The other type of LBO risk, which is interest rate risk, is the risk that interest rates will rise, thus increasing the firm’s current obligations. This is important to firms that have more variable-rate debt. Interest rate increases could force a firm to bankruptcy even when it experienced greater than anticipated demand and held nonfinancial costs within reasonable bounds.

The interest rates’ level at the time of the LBO is a guide to the probability that rates will rise in the future. For instance, interest rate increases are more likely if interest rates are low at the time compared to the interest rates at peak levels.

Return to Stockholders from LBOS

Studies regarding returns to stockholders from LBOS usually highlight the abnormal returns to pre-buyout shareholders. They also focus on premiums as measured by the difference between firm values derived from the final takeover stock price as compared to the preannouncement stock price. The premium analysis can be complex depending on how the preannouncement price is determined and the extent to which the study allows for the preannouncement price runup.

Researchers handle this by using a preannouncement price that involves an anticipation window like two months before the announcement.
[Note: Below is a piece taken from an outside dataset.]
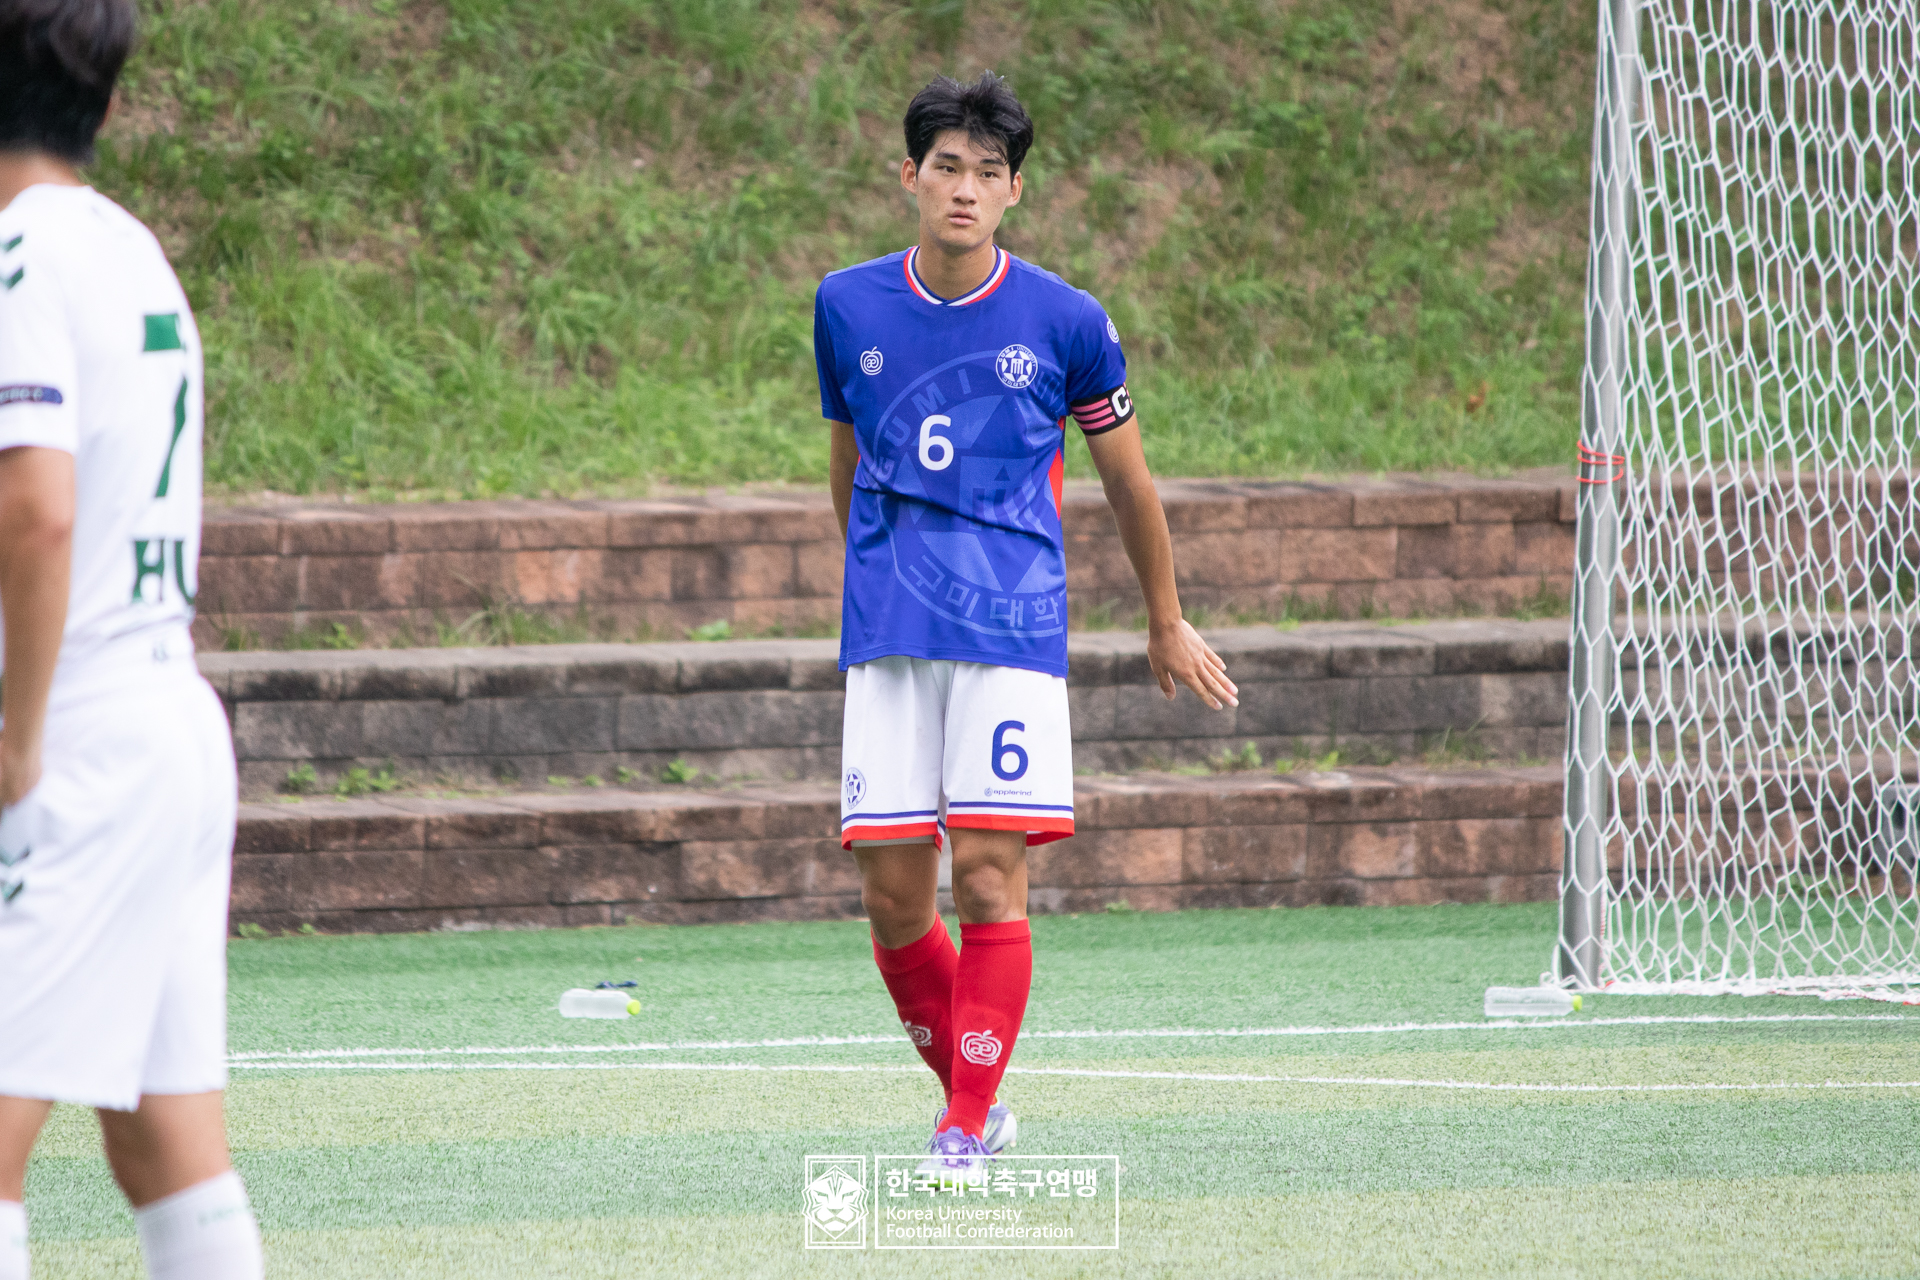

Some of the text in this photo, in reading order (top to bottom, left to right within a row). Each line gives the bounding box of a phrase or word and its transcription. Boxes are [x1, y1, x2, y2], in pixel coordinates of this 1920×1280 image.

[874, 368, 972, 483] GUMI
[1111, 386, 1131, 418] C
[918, 414, 954, 471] 6
[991, 719, 1029, 782] 6
There is interestingly a difference between the results from the abnormal returns and the premiums studies, but it is justifiable. Research with the use of cumulative abnormal returns already incorporates an expectation of a firm’s return which, in turn, reflects how the market values post-buyout profitability.

A popular study by DeAngelo, DeAngelo, and Rice analyzed the gains to both stockholders and management from MBOs. The sample was a total of 72 companies that attempted to go private between 1973 and 1980. As mentioned, the premium paid for their sample was 56%, which was higher than the premium data presented for more recent years. Results show that managers are willing to offer a premium.
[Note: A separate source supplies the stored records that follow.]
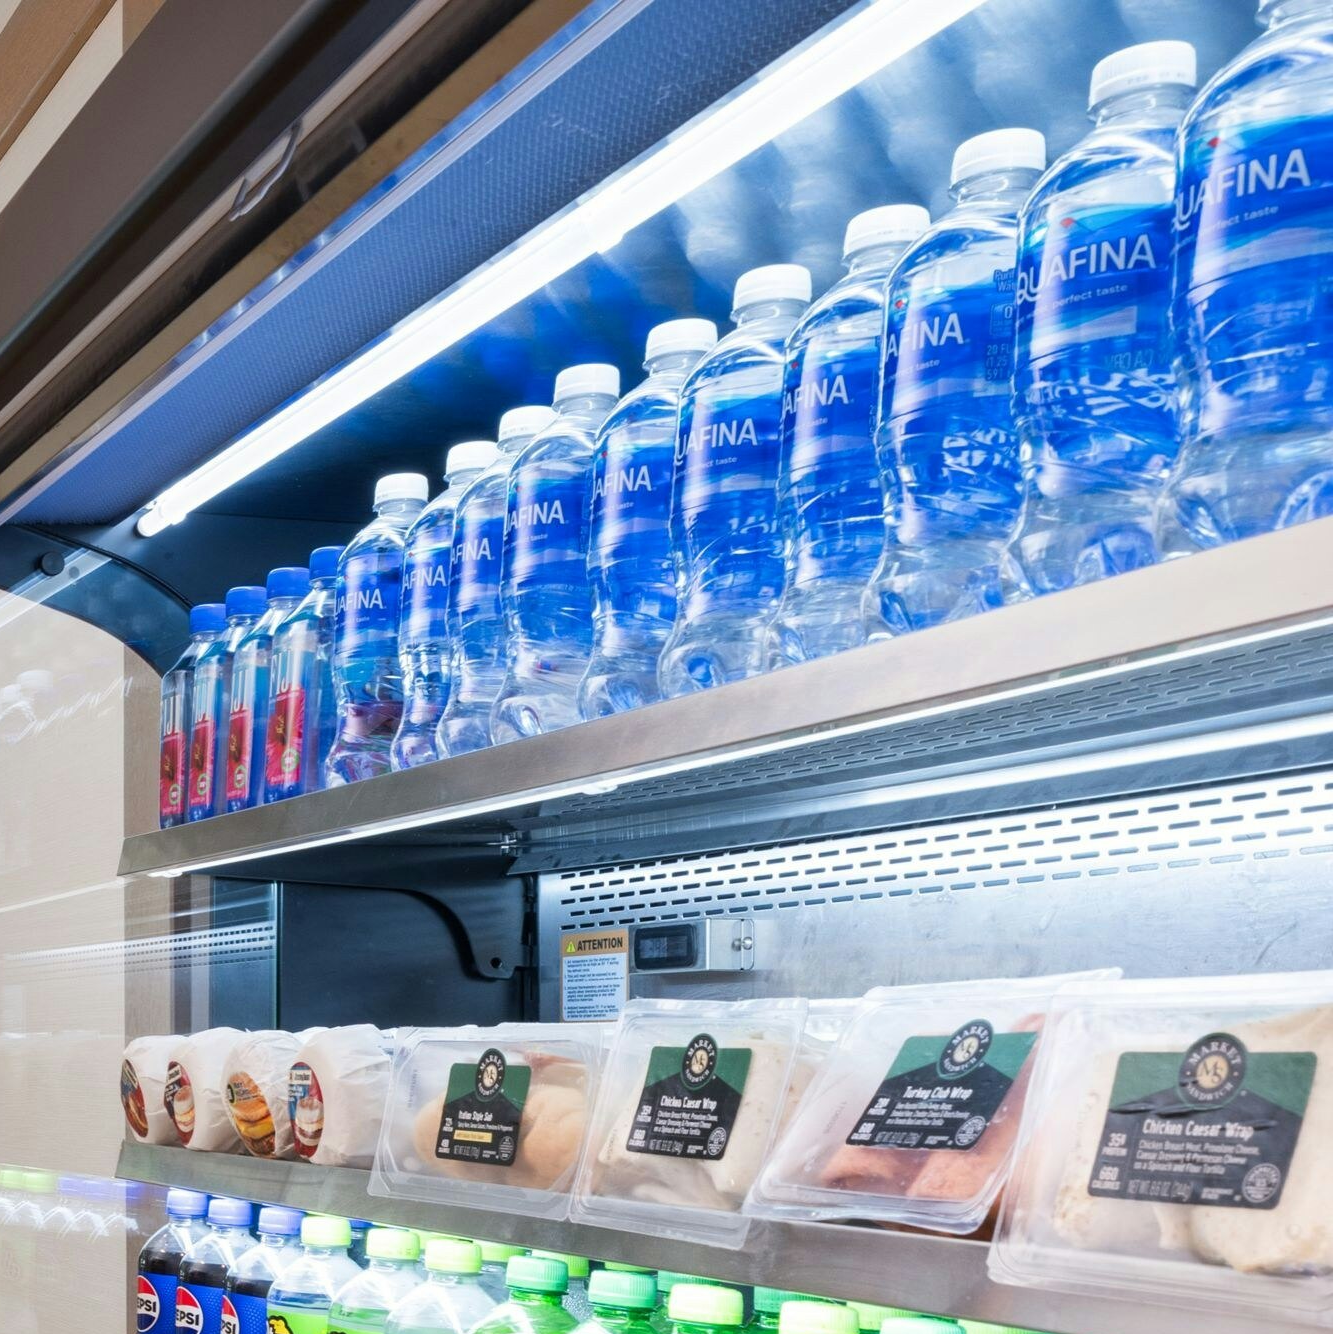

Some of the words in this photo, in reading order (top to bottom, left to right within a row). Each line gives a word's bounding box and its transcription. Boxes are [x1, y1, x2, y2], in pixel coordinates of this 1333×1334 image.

[1243, 204, 1280, 222] taste
[1016, 233, 1158, 305] QUAFINA
[1095, 283, 1129, 298] taste
[715, 456, 738, 467] taste
[577, 936, 624, 952] ATTENTION
[951, 1025, 990, 1047] MARKET
[687, 1039, 715, 1058] MARKET
[1188, 1041, 1242, 1066] MARKET
[479, 1054, 504, 1072] MARKET
[902, 1086, 930, 1101] Turkey
[930, 1085, 950, 1100] Club
[950, 1086, 973, 1101] Wrap
[659, 1095, 682, 1109] Chicken
[682, 1096, 702, 1110] Caesar
[702, 1097, 718, 1111] Wrap
[457, 1109, 472, 1121] Italian
[472, 1110, 484, 1122] Style
[1142, 1119, 1183, 1138] Chicken
[1185, 1120, 1222, 1138] Caesar
[1223, 1121, 1255, 1142] Wrap
[1138, 1140, 1164, 1151] Chicken
[175, 1308, 200, 1326] EPSI
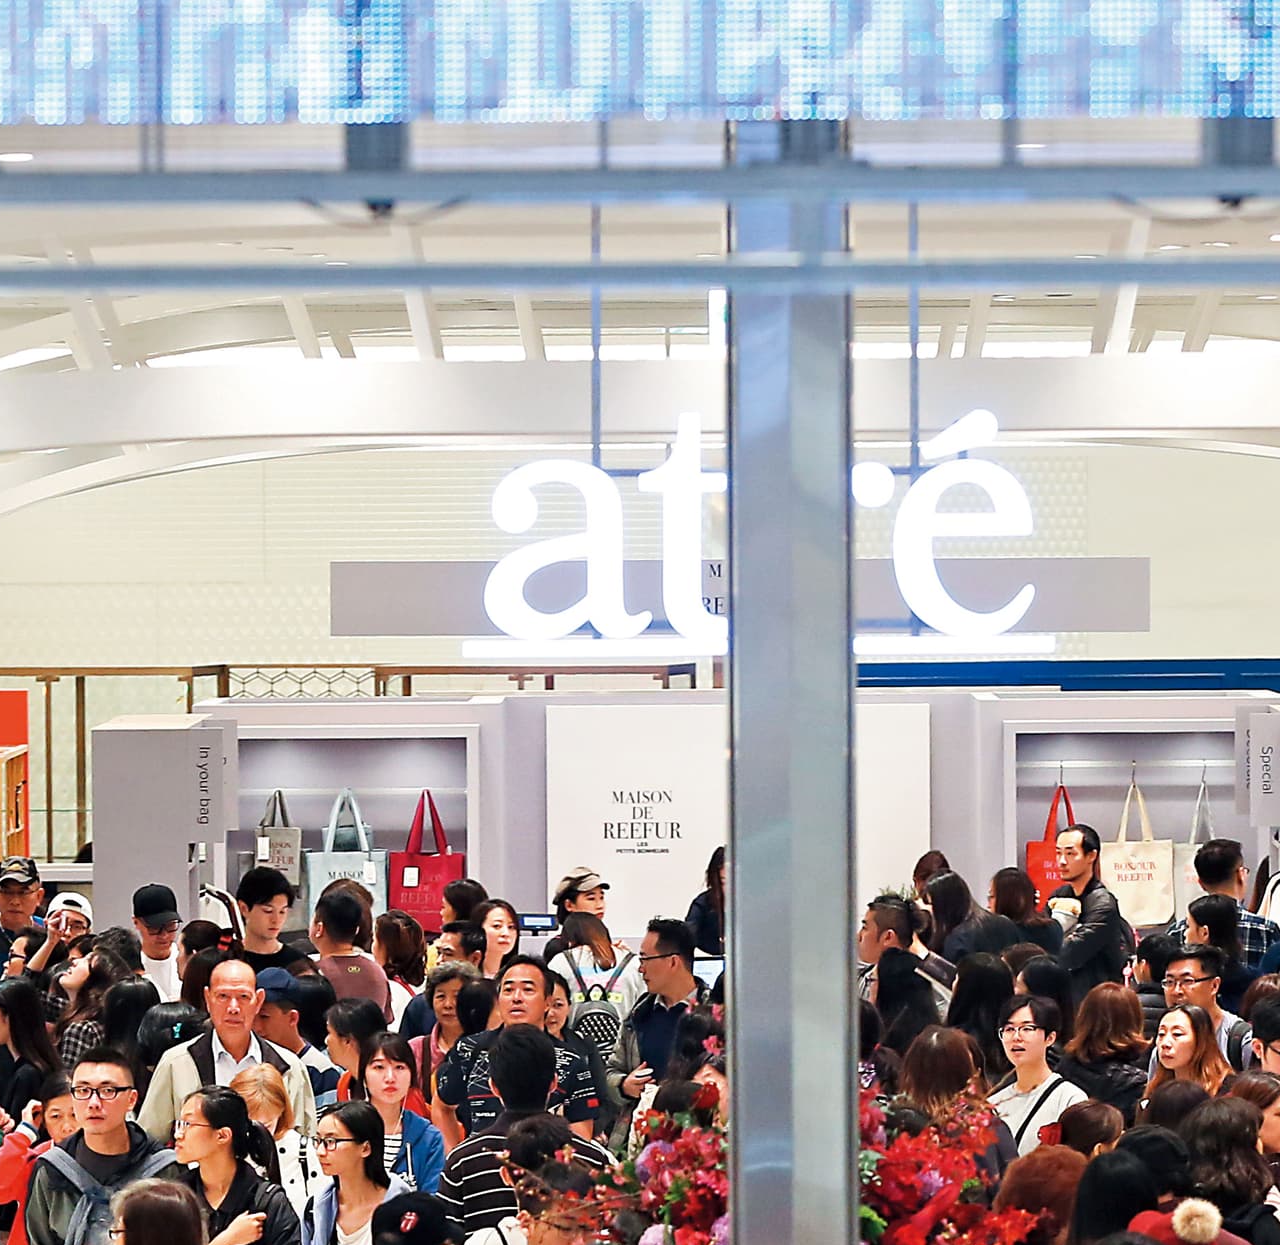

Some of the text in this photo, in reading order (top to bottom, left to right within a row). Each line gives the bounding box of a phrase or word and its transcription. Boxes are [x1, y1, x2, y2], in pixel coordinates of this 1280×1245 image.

Private Companies Dominated the Buyout Market

In the 200s, private equity companies dominated the buyout market. They are popular for being more careful buyers. The same study found that an average change in shareholder wealth around the announcement of the deal was 22%. Over a longer time period around the announcement, the total shareholder wealth change was approximately 30%. It is consistent with the results for various studies about M&As. Moreover, the announcement of the bid being withdrawn results in the decline of shareholder wealth by 9%.

In another research, Travlos and Cornett showed the statistical significance and negative correlation between abnormal returns to shareholders and the P/E ratio of the firm relative to the Industry. To interpret, the lower the P/E ratio, compared with similar firms, the greater probability that the firm is poorly managed.

The researchers analyzed the low P/E ratios as reflecting greater room for improvement through changes such as the reduction of agency costs. Some of these gains in efficiency may be accumulated by privatization. Then, these gains become the source of the buyout premium..

Return to Stockholders from Divisional Buyouts

Again, MBOs are deals where a group of management purchases apart from the parent company. Most of these purchases are criticized because they are not “arm’s length” deals. Parent company’s managers are usually accused of giving special treatment to a management bid.

The parent company may spurn the closeout process and acknowledge the executives’ proposal without requesting other higher offers. One way to check whether these exchanges are really to investors’ greatest advantage is to take a gander at their investor riches impacts.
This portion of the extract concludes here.